§ **Exercise directions**: Each line from the one containing "this 1600×1198 image." to the end of the entries is to be repeated exactly, and no other line.

[Dataset entries]
▽

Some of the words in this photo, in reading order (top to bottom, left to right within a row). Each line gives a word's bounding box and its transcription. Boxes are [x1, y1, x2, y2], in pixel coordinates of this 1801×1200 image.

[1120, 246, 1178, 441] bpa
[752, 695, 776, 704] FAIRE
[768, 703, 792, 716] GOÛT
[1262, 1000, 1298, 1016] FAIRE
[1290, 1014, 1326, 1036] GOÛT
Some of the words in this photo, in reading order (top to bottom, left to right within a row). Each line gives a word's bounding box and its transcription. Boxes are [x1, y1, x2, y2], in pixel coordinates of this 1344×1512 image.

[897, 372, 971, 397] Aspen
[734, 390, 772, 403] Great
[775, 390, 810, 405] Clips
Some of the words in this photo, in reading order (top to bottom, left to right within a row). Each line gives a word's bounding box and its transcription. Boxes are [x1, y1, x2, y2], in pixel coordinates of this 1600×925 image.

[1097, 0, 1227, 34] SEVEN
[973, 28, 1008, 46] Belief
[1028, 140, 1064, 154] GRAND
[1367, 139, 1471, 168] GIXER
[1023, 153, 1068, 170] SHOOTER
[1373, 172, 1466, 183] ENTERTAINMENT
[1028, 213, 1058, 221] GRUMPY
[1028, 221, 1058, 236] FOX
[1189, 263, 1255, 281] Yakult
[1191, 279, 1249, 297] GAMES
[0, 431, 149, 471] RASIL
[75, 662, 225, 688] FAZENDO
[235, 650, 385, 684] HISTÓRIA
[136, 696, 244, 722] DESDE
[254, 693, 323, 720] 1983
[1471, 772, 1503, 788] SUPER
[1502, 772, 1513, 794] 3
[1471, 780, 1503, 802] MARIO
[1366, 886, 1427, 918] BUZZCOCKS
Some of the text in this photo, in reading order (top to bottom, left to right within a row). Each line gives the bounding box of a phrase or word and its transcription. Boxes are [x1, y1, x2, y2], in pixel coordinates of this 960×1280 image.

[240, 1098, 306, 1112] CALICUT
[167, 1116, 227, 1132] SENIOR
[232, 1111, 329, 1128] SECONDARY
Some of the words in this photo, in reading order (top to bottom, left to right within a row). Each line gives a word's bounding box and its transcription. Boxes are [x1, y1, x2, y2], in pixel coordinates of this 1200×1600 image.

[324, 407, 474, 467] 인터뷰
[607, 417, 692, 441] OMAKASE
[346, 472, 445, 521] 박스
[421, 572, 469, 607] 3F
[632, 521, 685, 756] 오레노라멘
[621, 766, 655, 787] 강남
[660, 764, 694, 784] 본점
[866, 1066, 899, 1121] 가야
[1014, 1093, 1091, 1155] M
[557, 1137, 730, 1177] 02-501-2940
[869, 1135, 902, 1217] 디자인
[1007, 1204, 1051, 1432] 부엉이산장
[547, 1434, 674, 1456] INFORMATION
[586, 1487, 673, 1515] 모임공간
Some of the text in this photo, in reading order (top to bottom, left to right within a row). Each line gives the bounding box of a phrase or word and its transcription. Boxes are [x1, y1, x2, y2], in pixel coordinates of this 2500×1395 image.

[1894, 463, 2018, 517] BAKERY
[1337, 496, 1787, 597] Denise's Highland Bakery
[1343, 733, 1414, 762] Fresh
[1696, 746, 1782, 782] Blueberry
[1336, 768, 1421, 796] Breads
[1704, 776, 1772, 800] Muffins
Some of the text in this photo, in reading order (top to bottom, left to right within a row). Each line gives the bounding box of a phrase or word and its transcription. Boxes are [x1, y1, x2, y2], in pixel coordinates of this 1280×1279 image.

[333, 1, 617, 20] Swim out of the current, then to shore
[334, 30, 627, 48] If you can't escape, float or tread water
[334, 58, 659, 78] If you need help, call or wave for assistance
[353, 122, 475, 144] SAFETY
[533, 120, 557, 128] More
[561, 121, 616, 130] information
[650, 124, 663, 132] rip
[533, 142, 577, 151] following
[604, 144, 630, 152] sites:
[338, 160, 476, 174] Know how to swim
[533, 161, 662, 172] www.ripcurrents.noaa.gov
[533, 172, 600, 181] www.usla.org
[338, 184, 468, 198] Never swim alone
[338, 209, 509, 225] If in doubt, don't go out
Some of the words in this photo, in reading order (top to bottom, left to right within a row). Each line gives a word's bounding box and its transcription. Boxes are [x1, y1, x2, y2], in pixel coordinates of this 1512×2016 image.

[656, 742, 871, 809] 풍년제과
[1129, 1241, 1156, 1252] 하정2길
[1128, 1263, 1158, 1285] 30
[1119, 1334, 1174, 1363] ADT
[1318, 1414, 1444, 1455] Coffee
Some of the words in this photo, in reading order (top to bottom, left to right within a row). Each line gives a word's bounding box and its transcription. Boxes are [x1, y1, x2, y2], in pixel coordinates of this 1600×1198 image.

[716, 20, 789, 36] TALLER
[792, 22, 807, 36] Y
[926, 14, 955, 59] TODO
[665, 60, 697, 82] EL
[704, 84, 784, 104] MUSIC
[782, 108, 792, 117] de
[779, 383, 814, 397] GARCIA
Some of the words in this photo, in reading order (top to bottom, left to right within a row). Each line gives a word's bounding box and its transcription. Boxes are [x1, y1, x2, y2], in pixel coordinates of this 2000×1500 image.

△

§ **Result below**:
Some of the words in this photo, in reading order (top to bottom, left to right within a row). Each line gives a word's bounding box and its transcription. Boxes are [x1, y1, x2, y2], in pixel coordinates of this 1600×1198 image.

[716, 20, 789, 36] TALLER
[792, 22, 807, 36] Y
[926, 14, 955, 59] TODO
[665, 60, 697, 82] EL
[704, 84, 784, 104] MUSIC
[782, 108, 792, 117] de
[779, 383, 814, 397] GARCIA
Some of the words in this photo, in reading order (top to bottom, left to right within a row). Each line gives a word's bounding box and its transcription. Boxes are [x1, y1, x2, y2], in pixel coordinates of this 2000×1500 image.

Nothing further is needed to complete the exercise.